- _INSTRUCTIONS FOR THE TASK_: Only the text of the records belongs in the answer, copied exactly, with every picture omitted.

━━━━━━

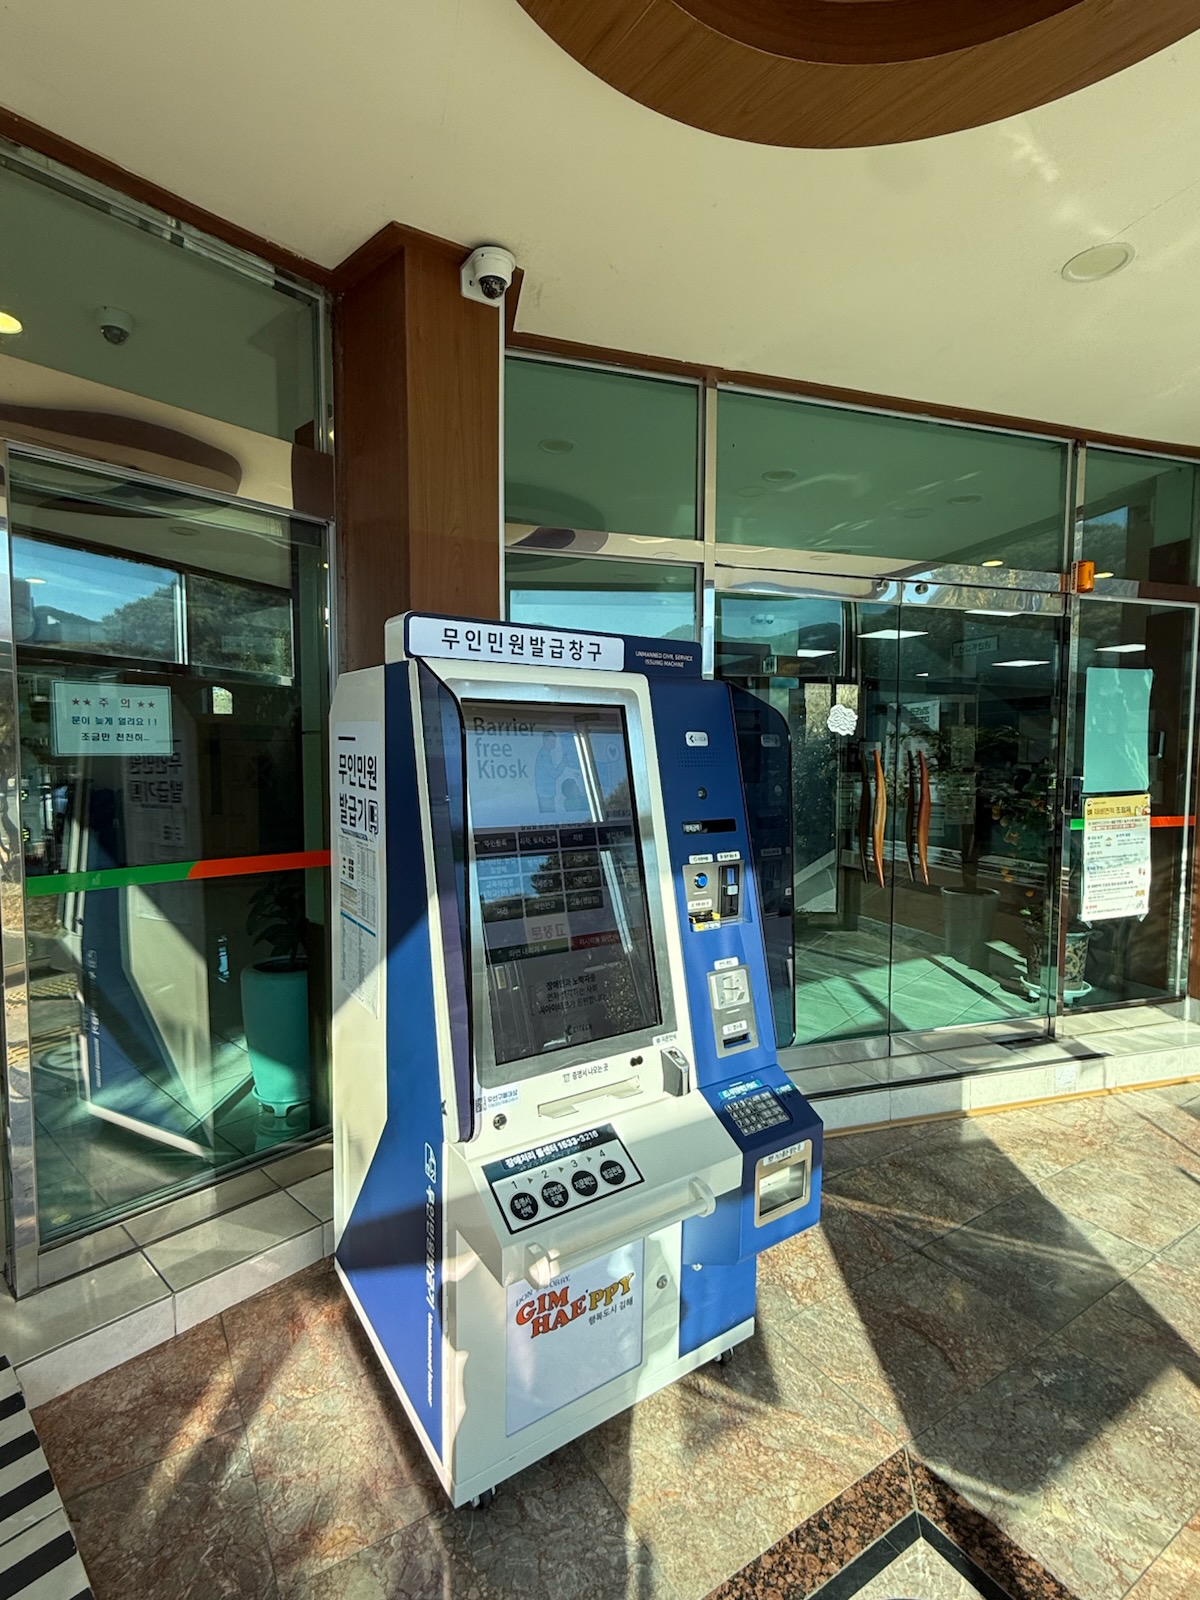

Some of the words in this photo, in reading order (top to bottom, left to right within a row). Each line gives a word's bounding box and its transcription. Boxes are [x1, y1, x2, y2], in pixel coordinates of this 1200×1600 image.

[441, 627, 602, 662] 무인민원발급창구
[635, 650, 662, 660] UNMANNED
[644, 659, 663, 667] ISSUING
[664, 660, 684, 668] MACHINE
[72, 716, 90, 725] 문이
[473, 717, 536, 737] Barrier
[82, 732, 110, 742] 조금만
[475, 737, 512, 758] free
[338, 754, 377, 791] 무인민원
[477, 759, 529, 779] Kiosk
[339, 793, 367, 832] 발급기
[505, 1150, 537, 1168] 장애처리
[511, 1181, 518, 1189] 1
[541, 1170, 549, 1179] 2
[570, 1159, 578, 1168] 3
[599, 1149, 606, 1157] 4
[516, 1285, 570, 1326] GIM
[588, 1304, 618, 1326] 행복도시
[619, 1296, 634, 1311] 김해

━━━━━━

- _YOUR RESPONSE_:
Some of the words in this photo, in reading order (top to bottom, left to right within a row). Each line gives a word's bounding box and its transcription. Boxes are [x1, y1, x2, y2], in pixel coordinates of this 1200×1600 image.

[441, 627, 602, 662] 무인민원발급창구
[635, 650, 662, 660] UNMANNED
[644, 659, 663, 667] ISSUING
[664, 660, 684, 668] MACHINE
[72, 716, 90, 725] 문이
[473, 717, 536, 737] Barrier
[82, 732, 110, 742] 조금만
[475, 737, 512, 758] free
[338, 754, 377, 791] 무인민원
[477, 759, 529, 779] Kiosk
[339, 793, 367, 832] 발급기
[505, 1150, 537, 1168] 장애처리
[511, 1181, 518, 1189] 1
[541, 1170, 549, 1179] 2
[570, 1159, 578, 1168] 3
[599, 1149, 606, 1157] 4
[516, 1285, 570, 1326] GIM
[588, 1304, 618, 1326] 행복도시
[619, 1296, 634, 1311] 김해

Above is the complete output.